En la actualidad, el fútbol en femenino sigue llevándose la peor parte del deporte español y, a pesar de contar con deportistas y equipos de alto nivel, las mujeres que quieren vivir de su profesión lo tienen más complicado. Esta era la realidad de la salmantina hace algunos años. “Afortunadamente, en el club en el que estoy nos tratan como verdaderas profesionales y puedo decir que, actualmente, vivo del fútbol sala”, comenta Mateos quien declara: “Todos deberíamos ser vistos de la misma manera, como profesionales del deporte. Es cierto que hay mucha diferencia pero también creo que las cosas se están haciendo bien y estamos consiguiendo evolucionar aunque sea poco a poco”.

La bicha del deporte le picó siendo muy niña y es que su padre siempre la llevaba a ver el fútbol. Justo ahí fue cuando Beatriz se imaginaba que llegaría un día en el que ella, también, protagonizase partidos y consiguiera títulos. En la actualidad, su palmarés está plagado de logros: subcampeona de la Supercopa de España 2016, subcampeona de Copa de España 2016, Liga 2015/16, Supercopa de España 2015, subcampeona de la Copa de España Navalcarnero 2015, campeona de Copa Galicia As Pontes 2015, Campeona Copa Galicia Ferrol 2014 y subcampeona de Supercopa de España 2013 con Burela FS.

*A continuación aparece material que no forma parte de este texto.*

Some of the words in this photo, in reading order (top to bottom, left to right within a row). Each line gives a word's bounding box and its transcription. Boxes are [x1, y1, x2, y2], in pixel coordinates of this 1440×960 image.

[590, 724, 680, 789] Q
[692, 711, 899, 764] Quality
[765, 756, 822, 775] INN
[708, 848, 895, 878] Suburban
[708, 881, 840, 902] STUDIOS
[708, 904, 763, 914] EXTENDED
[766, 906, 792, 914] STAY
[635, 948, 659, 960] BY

Beatriz Mateos, en un partido del Burela FS.

No obstante, para poder llegar hasta donde lo ha hecho, el camino no ha sido precisamente de rosas. Tuvo que marcharse de casa muy joven y ha tenido que renunciar a muchas cosas propias de su adolescencia y juventud. Además, continuó sus estudios para tener un ‘plan B’ y poder ganarse la vida en el caso de no hacerlo profesionalmente con el fútbol. Durante su estancia en Valladolid, se formó como auxiliar de enfermería.

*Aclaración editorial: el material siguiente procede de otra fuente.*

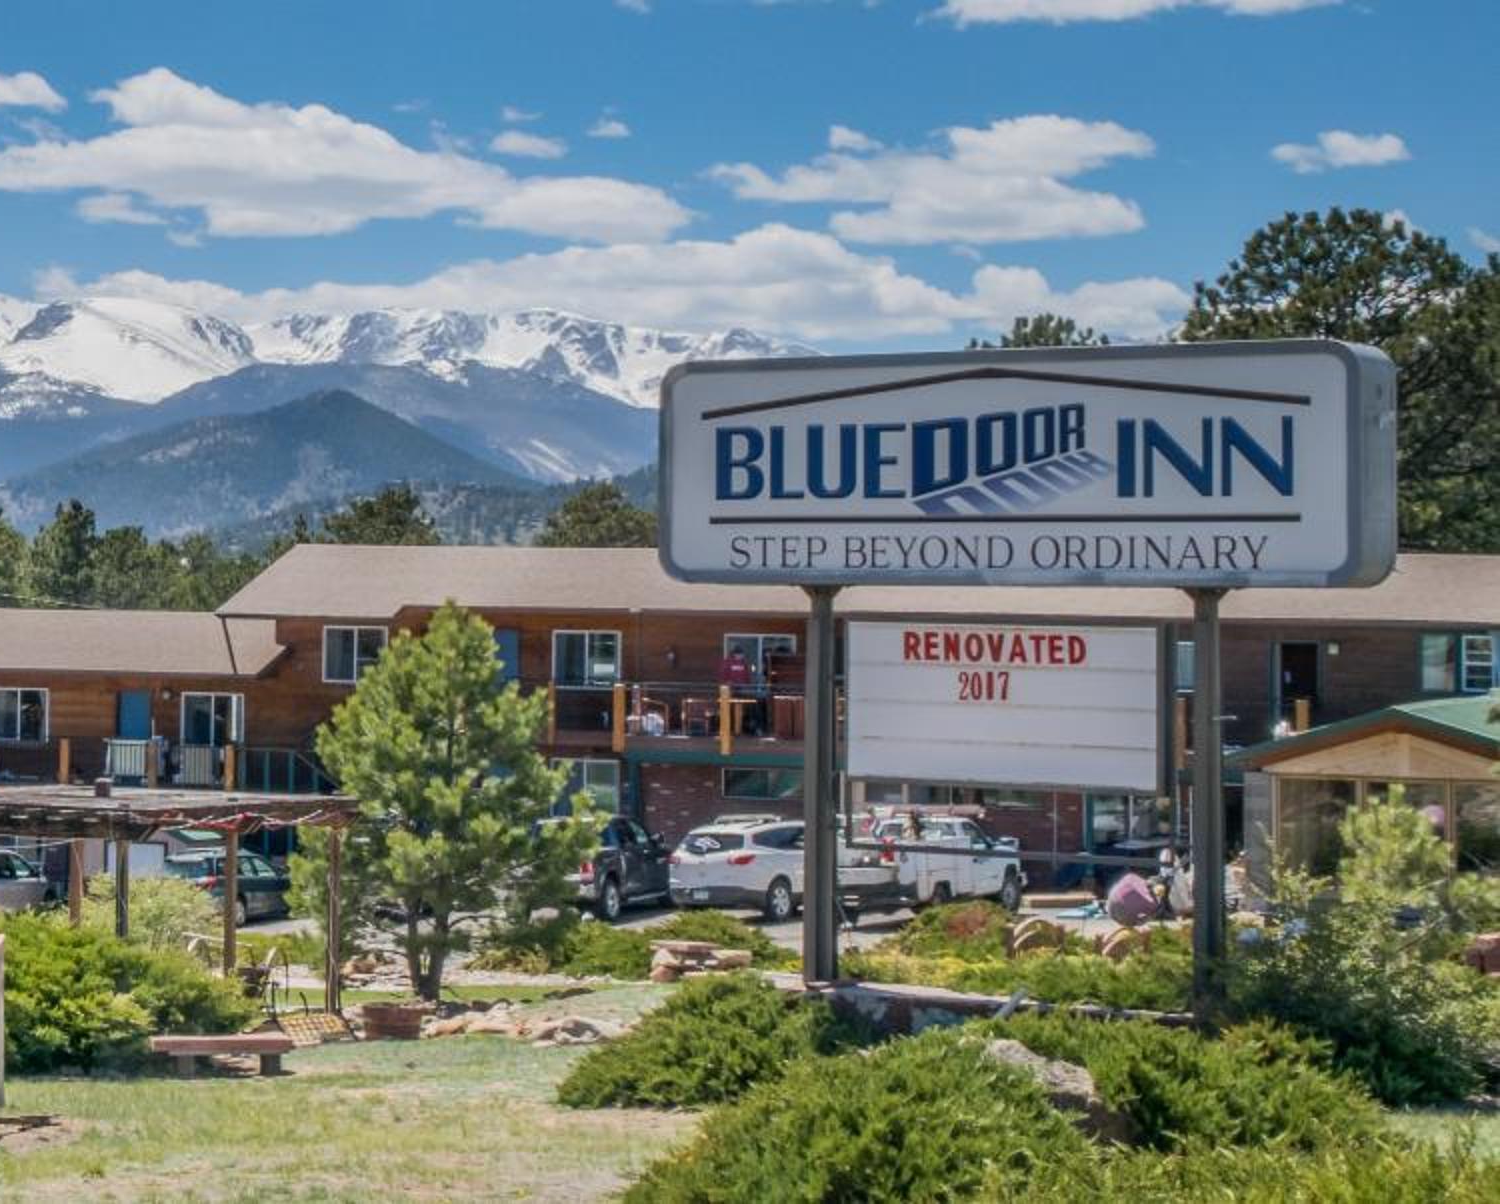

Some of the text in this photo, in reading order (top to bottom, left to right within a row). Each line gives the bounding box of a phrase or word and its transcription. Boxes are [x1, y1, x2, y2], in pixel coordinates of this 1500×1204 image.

[1116, 414, 1294, 498] INN
[729, 535, 1268, 570] STEP BEYOND ORDINARY
[903, 631, 1088, 665] RENOVATED
[958, 671, 1010, 701] 2017
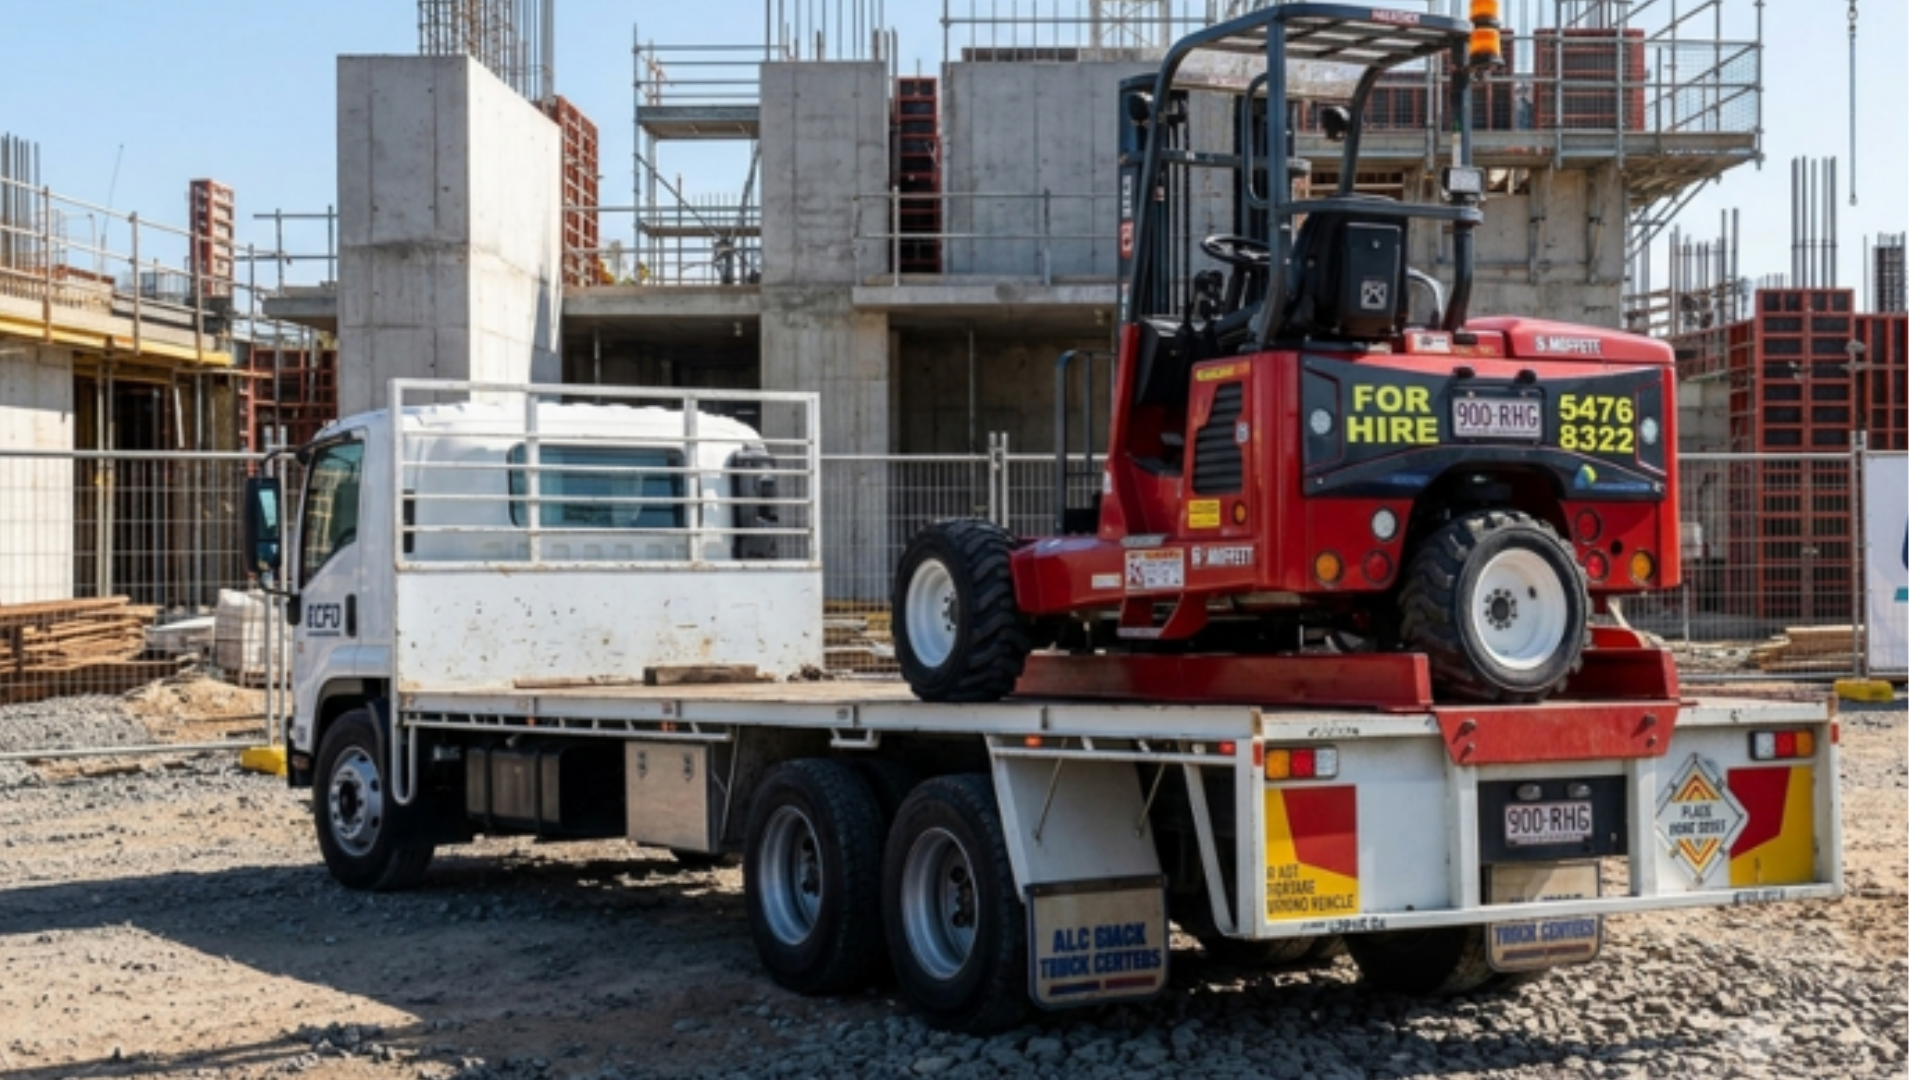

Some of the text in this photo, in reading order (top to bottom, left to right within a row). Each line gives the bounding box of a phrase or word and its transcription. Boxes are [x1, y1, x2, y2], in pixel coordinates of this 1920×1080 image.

[1353, 385, 1431, 413] FOR
[1559, 395, 1635, 424] 5476
[1457, 402, 1539, 428] 900-RHG
[1346, 416, 1440, 444] HIRE
[1559, 424, 1635, 454] 8322
[1508, 808, 1590, 834] 900-RHG
[1053, 927, 1090, 953] ALC

“Lo más duro siempre son las despedidas, dejar tu casa, tus amigos de siempre y tus costumbres. También supone un sacrificio llevar una dieta para llegar al nivel óptimo; siempre apetece comer algo que no se debe… y, cuando eres joven, ves que tus amigos se van de fiesta y tu te tienes que quedar descansando en casa porque al día siguiente tienes partido”, confiesa la salmantina. “Pero todo merece la pena por vivir el sueño de ser profesional en el fútbol sala”.

Beatriz comenzó en el salmantino Depormat con 14 años y se marchó “a probar seis partidos de liga” al Valladolid con una de sus compañeras de selección de Castilla y León. “Viajábamos cada día para ir a los entrenamientos. Todo fue genial, el equipo me gustaba, la gente era agradable conmigo y me propusieron continuar la temporada siguiente. Acepté sin dudarlo porque era una oportunidad irrechazable.” “Todo era perfecto durante mis seis años allí” pero, con 24 años, decidió “cambiar de aires y probar cosas nuevas” y el Orvina (Pamplona) le hizo una buena oferta. “Dos años más tarde, me surgió la oportunidad de jugar en el Burela que, en ese momento, era el actual campeón de Liga y Copa de España así que poco tuve que pensar, cogí las maletas y puse rumbo a La Mariña Lucense…”.

Y, en el Burela, confiesa que tienen muchas sesiones y, a veces, dobles pero que intenta descansar todo lo que puede para “llegar lo mejor posible al siguiente entrenamiento”. “Todo lo que necesito para ser feliz lo tengo aquí”, afirma Beatriz al referirse a su actual equipo porque lo siente como su casa. Ese es uno de los motivos por los que esta artista del balón no se ha marchado a otros clubes y, a pesar de recibir ofertas, sigue apostando por el Burela que le ha hecho vivir grandes sueños. Uno de ellos fue el titulo de Liga conseguido en la temporada 2015/16, premio individual y colectivo a todo el esfuerzo de un grupo durante un año. “Sin duda, es algo súper especial y más por las ganas de Burela, un pueblo totalmente volcado con el fútbol sala y que nos apoya muchísimo. Ahora empieza una nueva temporada y los retos son siempre los mismos en un equipo grande como el mío: luchar por mejorar cada día y conseguir el mayor numero de títulos posibles”.